SUFFERING TURNS SERB BULLIES INTO MARTYRS

        It may be that civilian population in Kosovo is about to 
        crack. It is just that it doesn't look that way here.

        By Boris Johnson 

        Something went bang very loudly and the alarms went off. 
Dogs started barking. "Cleenton, Cleenton!" said the old fellow 
with the scar, waving his hands skywards.
        Actually it turned out it was only the sonic boom of a NATO 
jet, easing back to Aviano perhaps after re-demolishing some 
suburban radio mast, and Belgrade got on with Sunday morning. 

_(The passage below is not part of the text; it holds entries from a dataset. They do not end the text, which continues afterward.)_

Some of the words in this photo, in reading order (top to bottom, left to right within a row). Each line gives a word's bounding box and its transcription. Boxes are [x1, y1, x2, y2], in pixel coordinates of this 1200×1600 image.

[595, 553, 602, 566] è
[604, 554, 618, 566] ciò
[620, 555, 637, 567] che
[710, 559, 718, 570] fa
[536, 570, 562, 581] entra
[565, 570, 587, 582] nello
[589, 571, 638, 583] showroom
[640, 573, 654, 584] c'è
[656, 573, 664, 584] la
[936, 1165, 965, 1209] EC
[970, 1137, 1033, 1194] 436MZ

"Cleenton criminal," said the codger and carried on with his brandy 
and coffee.
        In the National Museum, highbrows were listening to the 
crashing chords of Serbian classical music. The postcard sellers got 
on with hawking views of "Belgrade By Night" (tracer fire). The 
passers-by hardly glanced at the remnants of the foreign ministry 
and other buildings, where the Tomahawks have left 20ft entry 
wounds.
        It may be that the alliance is right in claiming the civilian 
population is about to crack, and that they will rise up and 
demand an end to the reign of Milosevic. It is just that it 
doesn't look that way here. If anything, it looks as though 
NATO is merely strengthening Serb resistance.
        Vuk Draskovic, once touted as the democratic alternative to 
Slobo, told this newspaper that "since the beginning of the 
NATO aggression, European and American bombs have killed 
128 members of my party who, two years ago, demonstrated 
carrying American and European flags. That is how NATO 
helps the democratising process in this country".

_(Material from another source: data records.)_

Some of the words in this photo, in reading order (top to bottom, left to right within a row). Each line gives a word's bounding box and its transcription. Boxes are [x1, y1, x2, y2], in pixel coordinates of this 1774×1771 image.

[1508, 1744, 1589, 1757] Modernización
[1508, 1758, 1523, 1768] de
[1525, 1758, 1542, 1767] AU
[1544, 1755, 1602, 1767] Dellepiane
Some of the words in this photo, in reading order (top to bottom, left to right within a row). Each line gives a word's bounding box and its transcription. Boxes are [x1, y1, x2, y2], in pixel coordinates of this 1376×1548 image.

        When civilised Serbs think of sufferings caused by the Kosovo 
war, they think of premature Serbian babies snuffed out in 
maternity wards when NATO cuts the power, of vaporised make-
up girls and sackfuls of body parts from bombed trains and buses.

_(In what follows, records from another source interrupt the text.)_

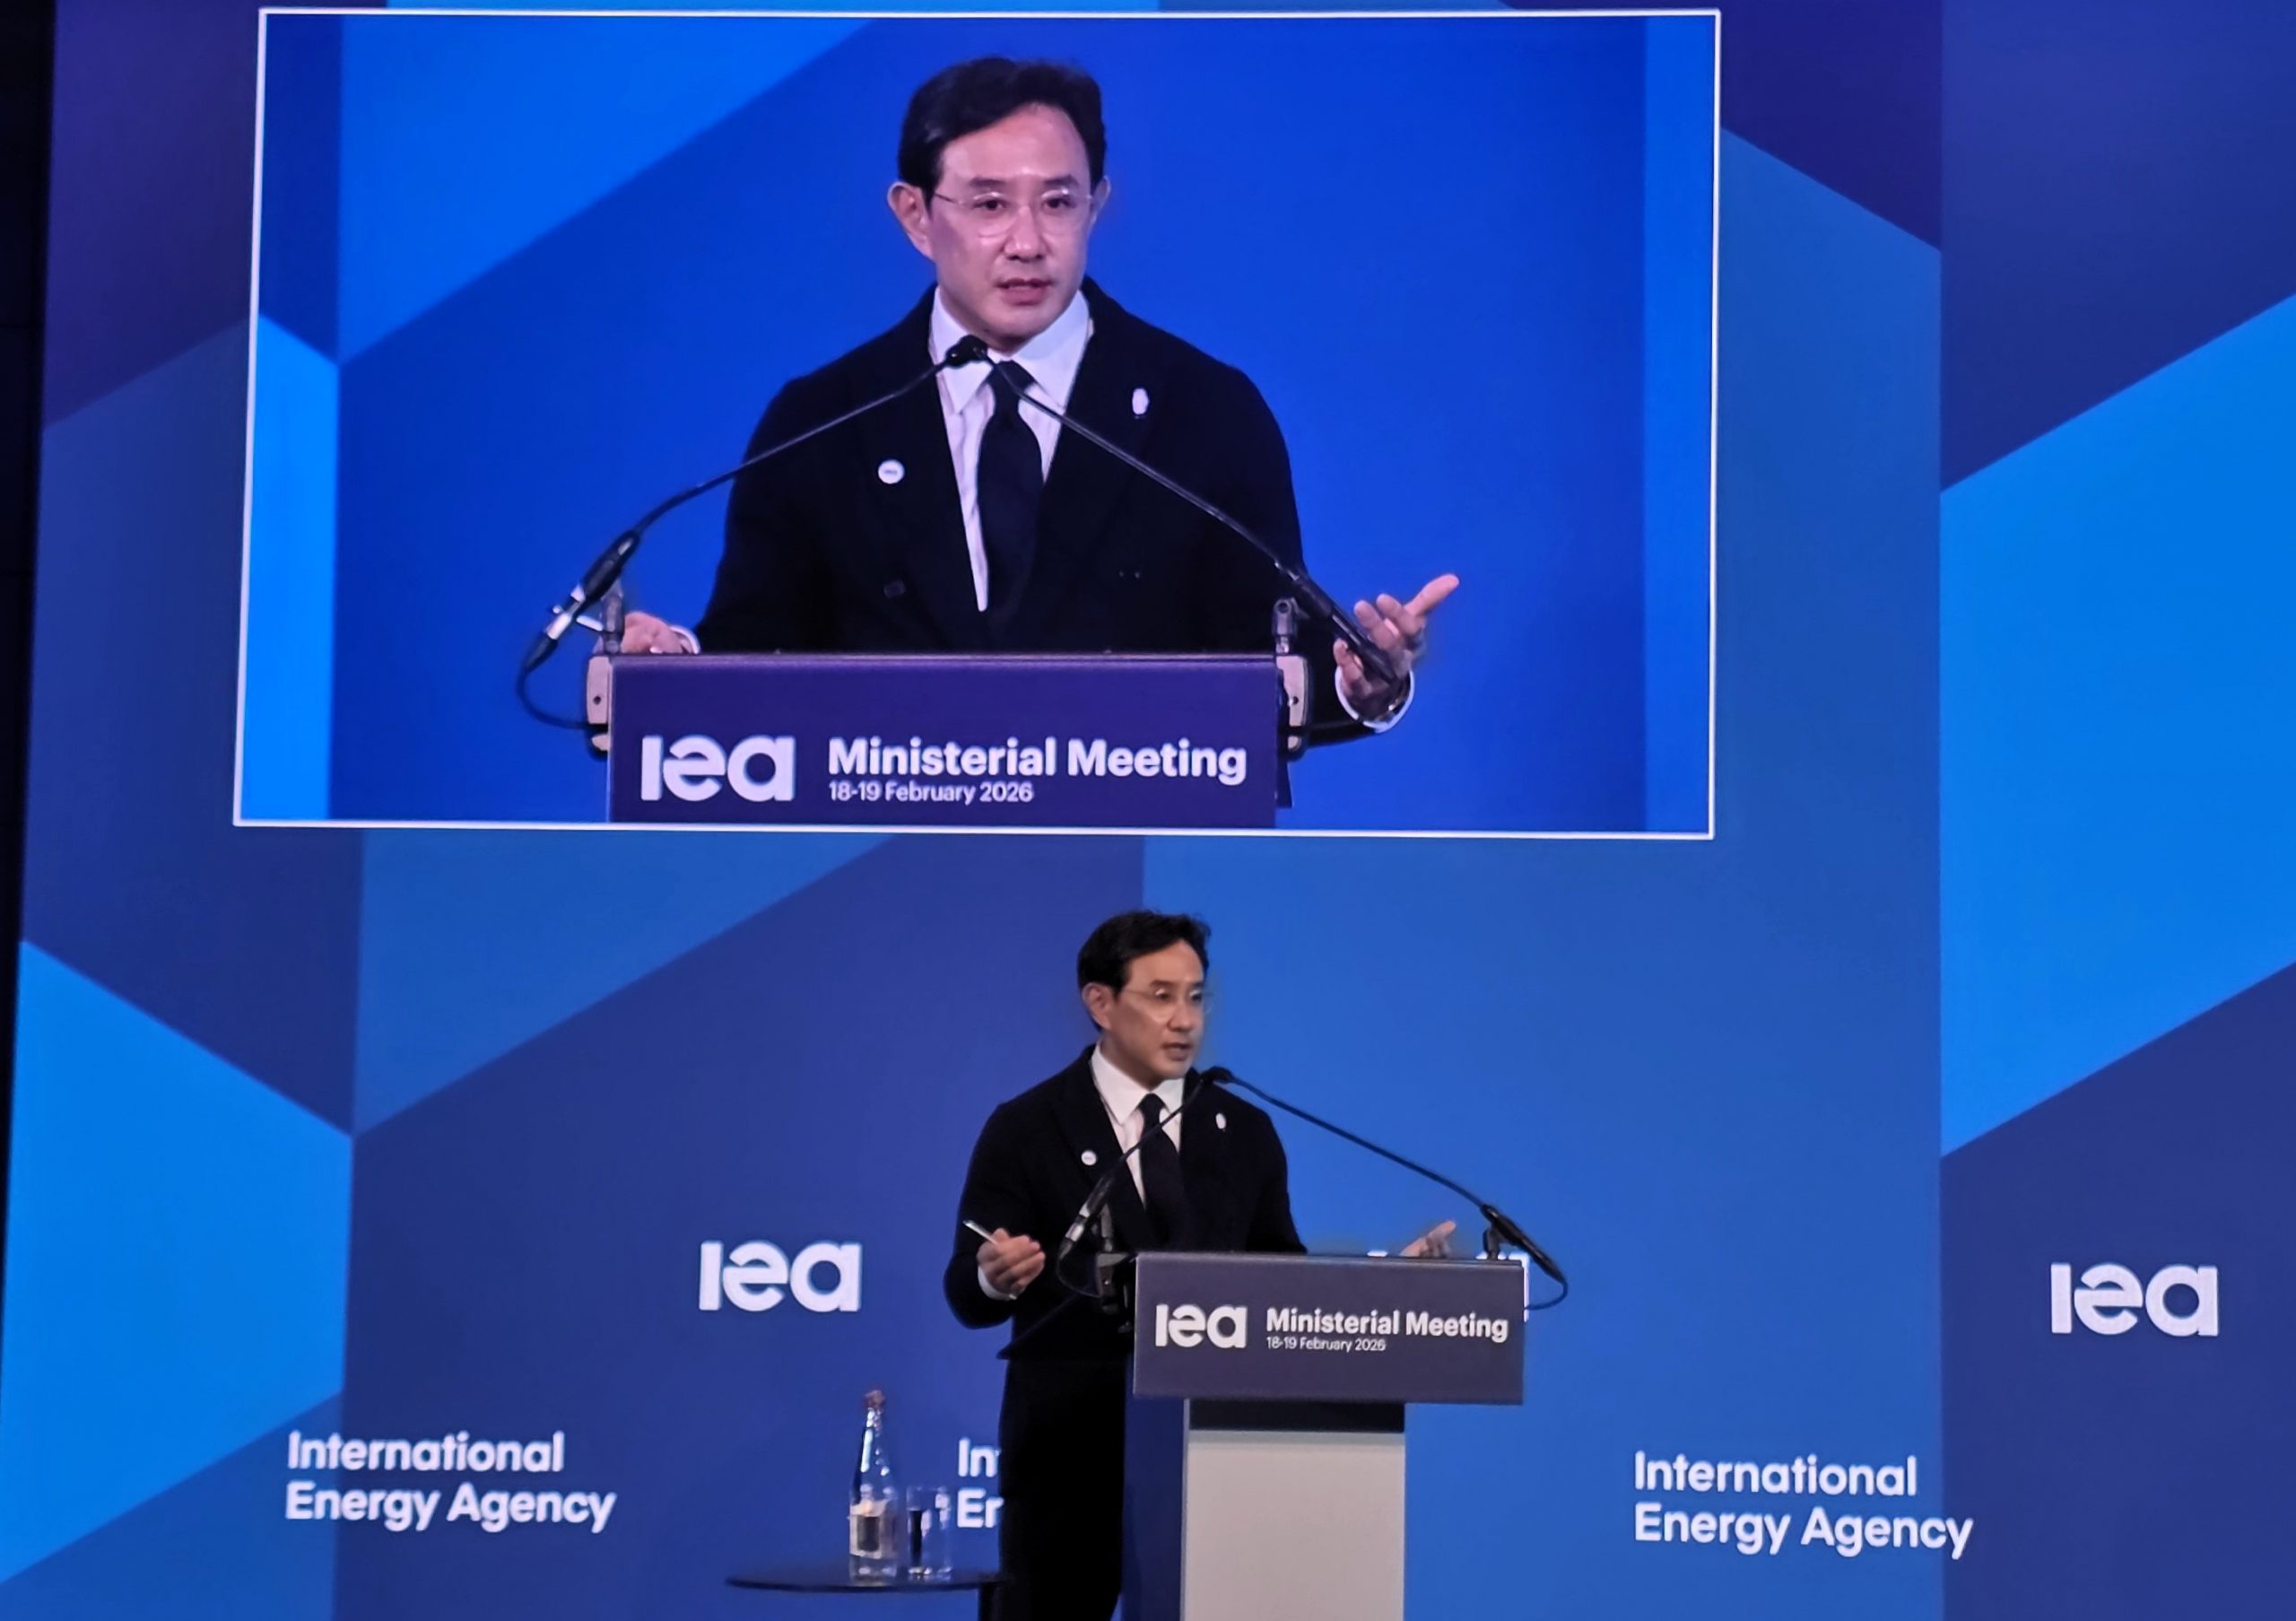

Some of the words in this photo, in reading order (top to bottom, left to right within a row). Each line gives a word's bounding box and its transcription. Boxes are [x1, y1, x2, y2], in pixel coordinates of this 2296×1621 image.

[828, 736, 1057, 777] Ministerial
[1067, 737, 1247, 786] Meeting
[829, 780, 880, 801] 18-19
[884, 780, 975, 806] February
[979, 781, 1034, 802] 2026
[1266, 1307, 1401, 1335] Ministerial
[1405, 1311, 1509, 1343] Meeting
[1266, 1336, 1297, 1350] 18-19
[1300, 1337, 1352, 1353] February
[1354, 1338, 1387, 1351] 2026
[287, 1430, 564, 1473] International
[1634, 1450, 1918, 1497] International
[285, 1481, 439, 1533] Energy
[445, 1482, 617, 1534] Agency
[1634, 1502, 1791, 1556] Energy
[1800, 1507, 1975, 1560] Agency

        "Serbs are for NATO what the Jews were for Hitler," says Mr 
Draskovic. "Targets." That is why the miseries of the Kosovo 
Albanians are not uppermost in the Serbian conscience. We who 
watch the BBC know there is incontrovertible evidence of ethnic 
cleansing, murder and rape by Serb forces in Kosovo. That is not 
quite the picture presented here.
        Over the weekend a convoy of journalists was taken to see how 
the destruction of the Zastava car factory had wrecked the 
economy of Kragujevac, about 90 miles south of Belgrade. An 
Albanian family was produced, led by Idris Dahiri. He had in fact 
been laid off by Zastava in 1991, but was dependent on the firm for 
his dole.
        "This NATO pact with their attacks took the bread from our 
table," said Mr Dahiri, through a Yugoslav interpreter. To make 
matters worse, he now has to support his daughter and two of her 
children, who had fled Kosovo. Why did they flee? NATO attacks, 
of course. "Yes, we ran away from NATO. We did not run away 
from the Serbs," parroted Nedzmija Dahiri, the daughter. "Yes, our 
house was destroyed by NATO. It was destroyed completely.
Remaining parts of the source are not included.